● TASK TO CARRY OUT
Each entry should be copied as it stands, leaving the pictures behind.

⁂

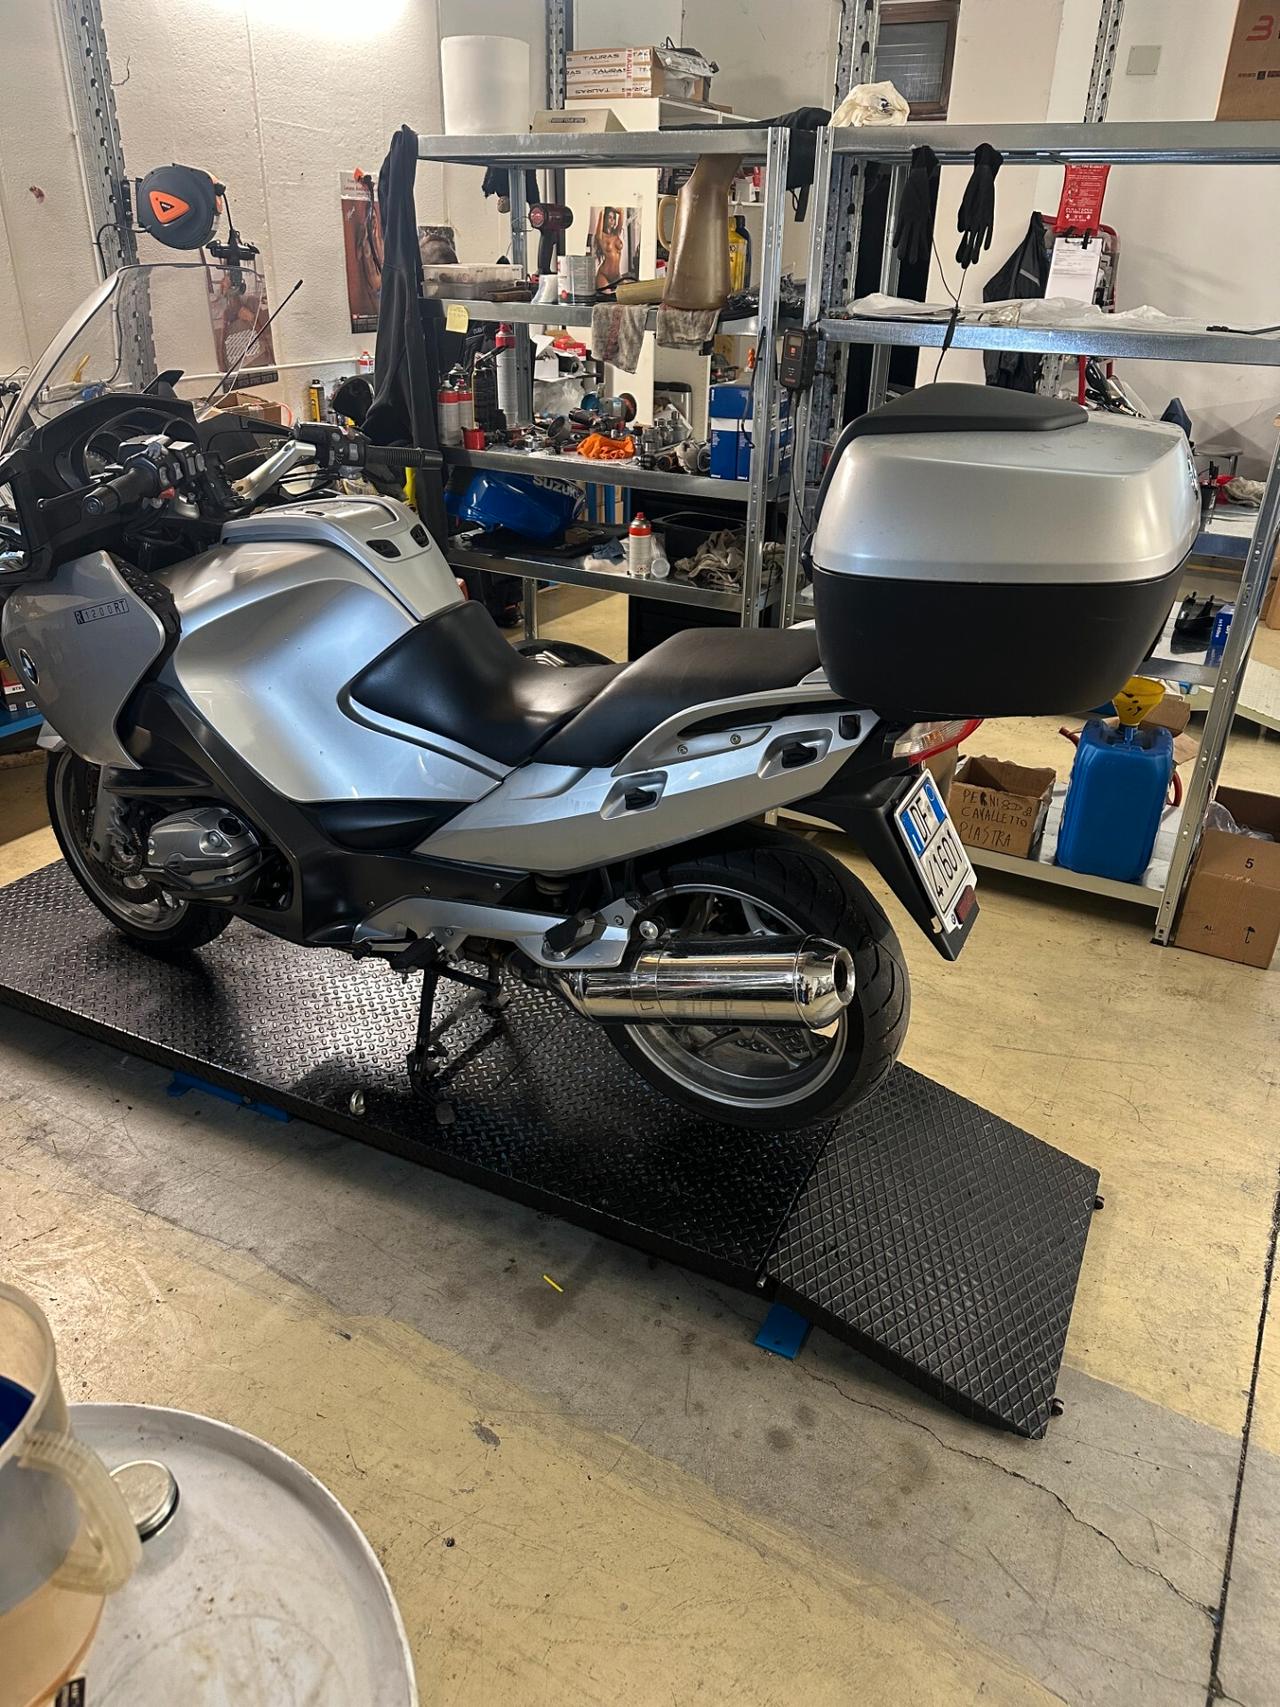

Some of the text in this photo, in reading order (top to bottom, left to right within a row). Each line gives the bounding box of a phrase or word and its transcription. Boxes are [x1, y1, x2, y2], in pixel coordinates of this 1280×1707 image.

[962, 789, 999, 807] PERNI
[909, 797, 931, 843] DF
[961, 806, 1028, 828] CAVALLETTO
[960, 821, 1011, 847] PIASTRA
[928, 830, 963, 898] 41601
[1245, 858, 1254, 869] 5

⁂

● RESPONSE
Some of the text in this photo, in reading order (top to bottom, left to right within a row). Each line gives the bounding box of a phrase or word and its transcription. Boxes are [x1, y1, x2, y2], in pixel coordinates of this 1280×1707 image.

[962, 789, 999, 807] PERNI
[909, 797, 931, 843] DF
[961, 806, 1028, 828] CAVALLETTO
[960, 821, 1011, 847] PIASTRA
[928, 830, 963, 898] 41601
[1245, 858, 1254, 869] 5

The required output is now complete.